◆ **What you need to do**: Each record must be written out again exactly. Skip any picture it contains.

(Stored data entries)
┌──

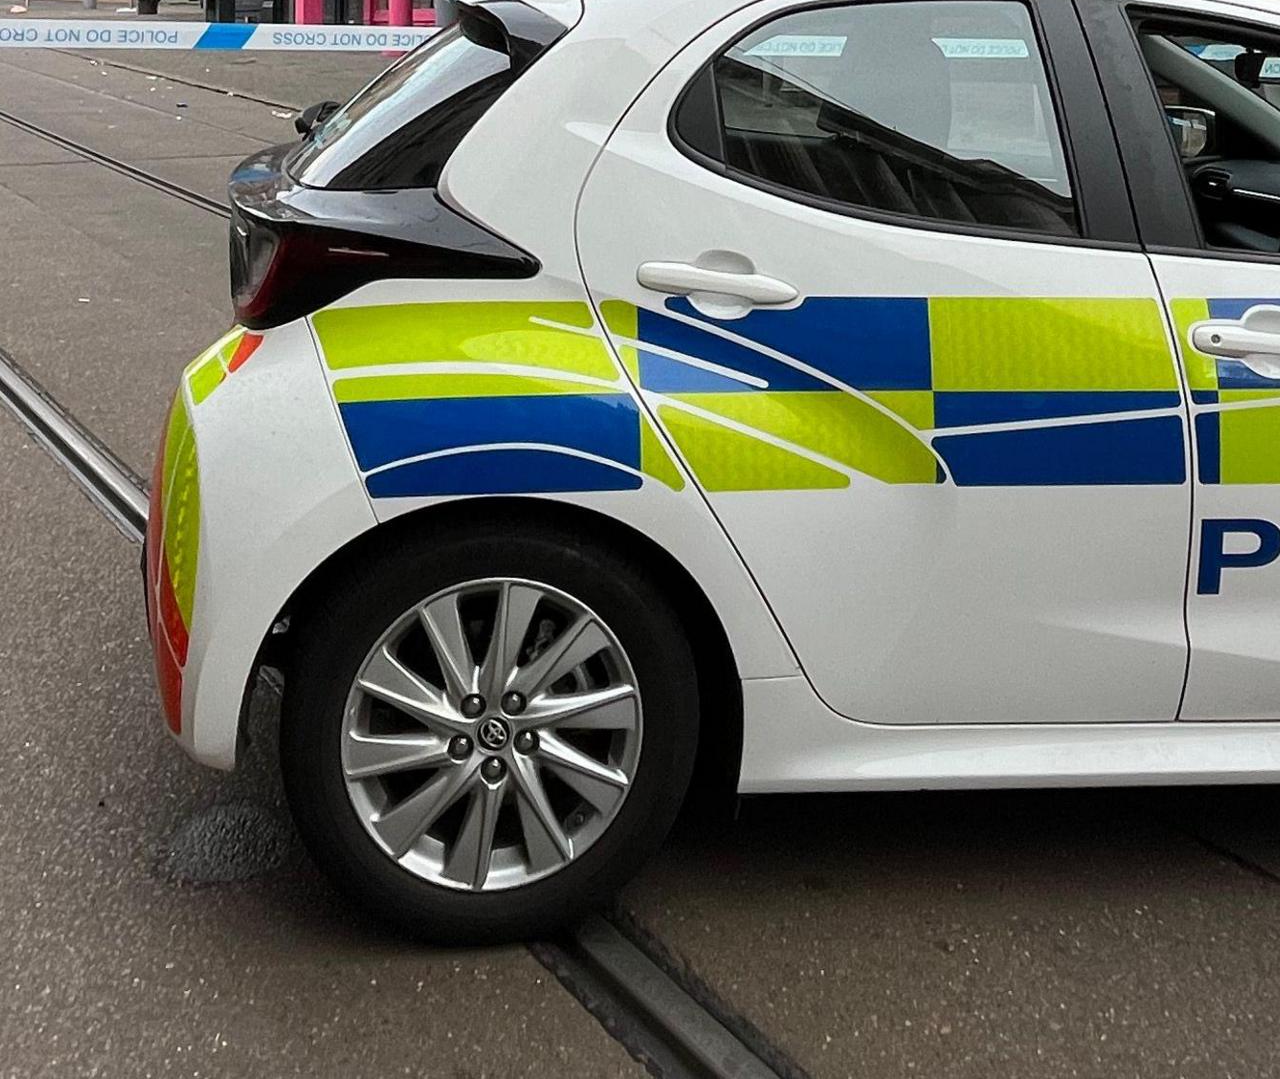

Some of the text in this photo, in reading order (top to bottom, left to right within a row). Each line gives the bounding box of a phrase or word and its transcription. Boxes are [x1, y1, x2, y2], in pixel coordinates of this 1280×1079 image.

[47, 28, 81, 43] NOT
[86, 29, 111, 43] DO
[117, 29, 178, 44] POLICE
[273, 32, 430, 46] LICE DO NOT CROSS

└──

◆ **Reply**:
Some of the text in this photo, in reading order (top to bottom, left to right within a row). Each line gives the bounding box of a phrase or word and its transcription. Boxes are [x1, y1, x2, y2], in pixel coordinates of this 1280×1079 image.

[47, 28, 81, 43] NOT
[86, 29, 111, 43] DO
[117, 29, 178, 44] POLICE
[273, 32, 430, 46] LICE DO NOT CROSS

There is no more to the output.